Lo anterior hubiese requerido unas transformaciones que se dejaron de lado. De haberse implementado aquellas, y considerado que habrían tenido tiempo de madurar, las condiciones macroeconómicas serían mucho más favorables para afrontar la reforma monetaria. A pesar de que se trabajó durante varios años en la conformación de la propuesta que está siendo implementada, algunos aspectos que pueden socavar los principales objetivos declarados, todos ellos muy válidos, llaman la atención. Entre estos elementos se encuentran: el mantenimiento de la inconvertibilidad del CUP cuando se expanden los bienes y servicios que se transan en divisas; la escasa atención prestada a la existencia del mercado informal de divisas y sus efectos sobre la formación de precios y la inflación; la pobre ponderación del sector privado en los ejes fundamentales de la propuesta incluyendo el cálculo de la Canasta de Bienes y Servicios de Referencia (CBSR), la propia CBSR se estima tomando junio de 2019 como período de referencia, mientras que las condiciones económicas han cambiado notablemente hasta la fecha de implementación, incluyendo variaciones significativas en los precios, el período otorgado a las empresas estatales para su reajuste al nuevo escenario, que siendo un año no es realista, máxime cuando escasean recursos de inversión y la economía se recupera de una severa contracción.

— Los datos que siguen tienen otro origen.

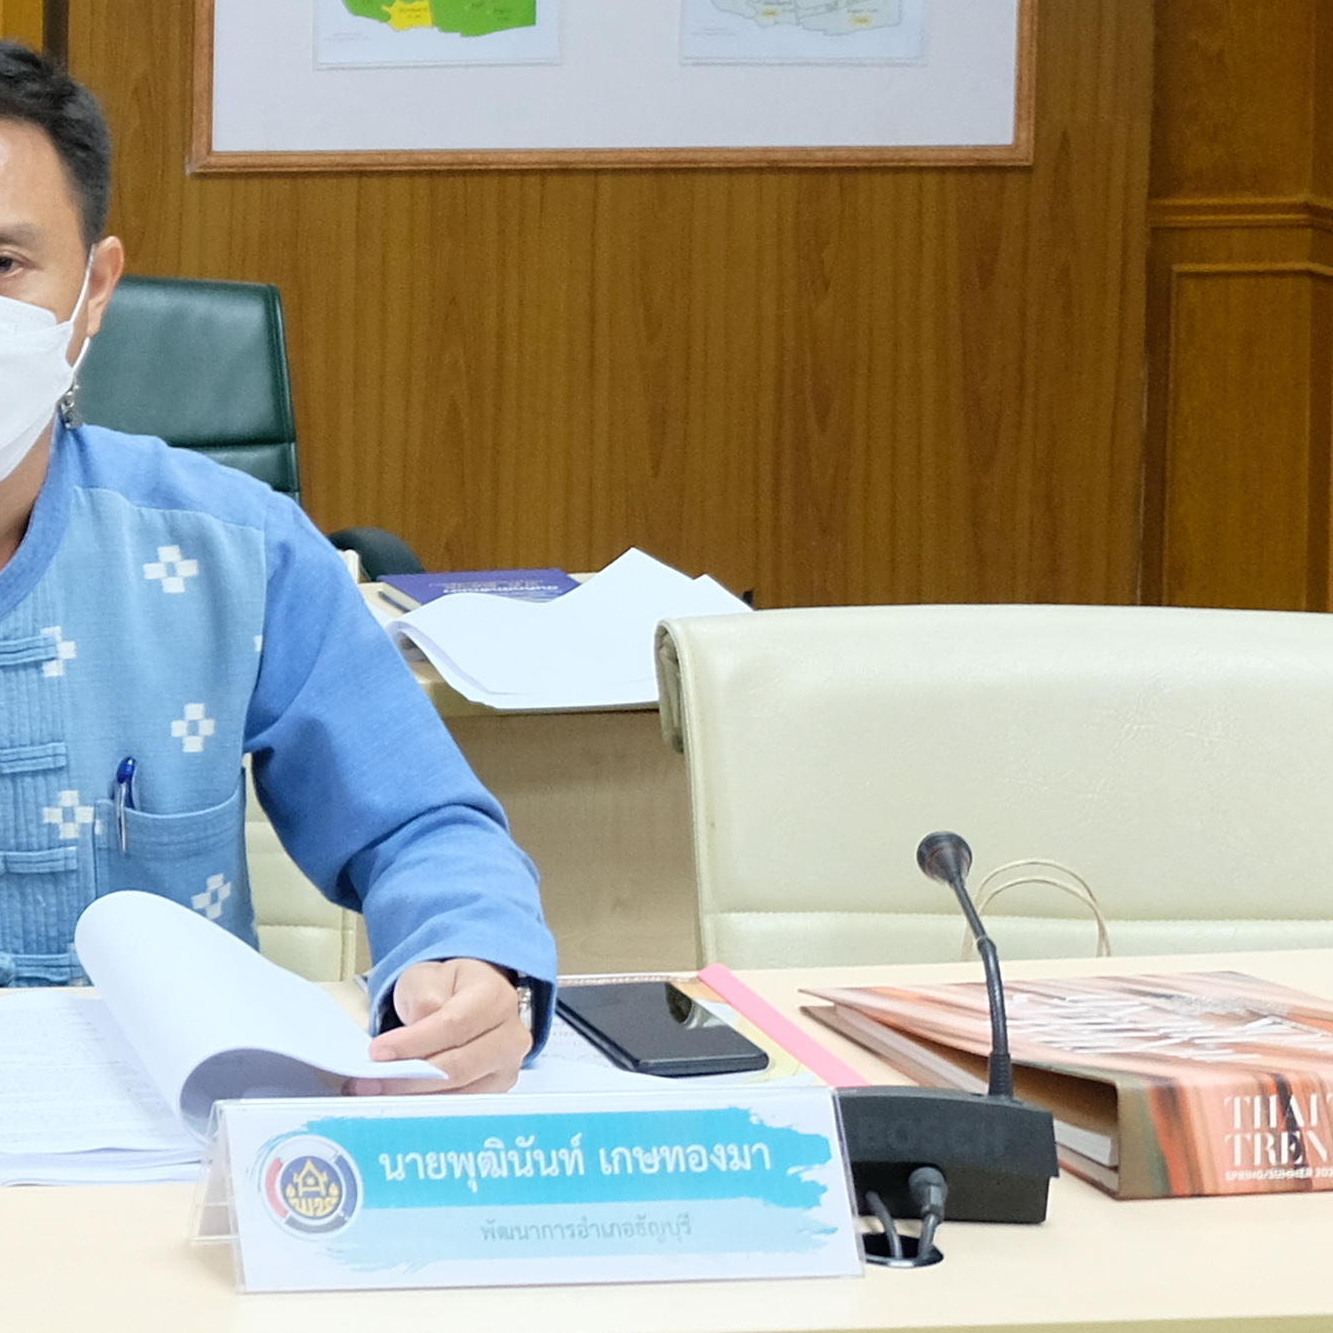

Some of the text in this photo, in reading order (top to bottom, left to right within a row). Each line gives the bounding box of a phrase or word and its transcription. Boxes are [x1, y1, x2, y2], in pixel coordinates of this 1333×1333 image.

[379, 1133, 772, 1193] นายพุฒินันท์ เกษทองมา
[480, 1213, 693, 1244] พัฒนาการอำเภอธัญบุรี

Dado que los efectos positivos más importantes tardarán algún tiempo en materializarse y dependen de otras medidas acompañantes, el volumen de riqueza en los momentos iniciales no varía. Por ello, cualquier ganancia en el poder adquisitivo de un grupo de la población será marginal, y ocurrirá a expensas de otro. No se puede esperar que un cambio en la esfera nominal (monetaria) por sí solo e instantáneamente resuelva problemas estructurales como la “pirámide invertida” o el desinterés por el trabajo.
Este año 2021 será sin dudas un período de definiciones para la reforma económica cubana. Quizá incluso más allá.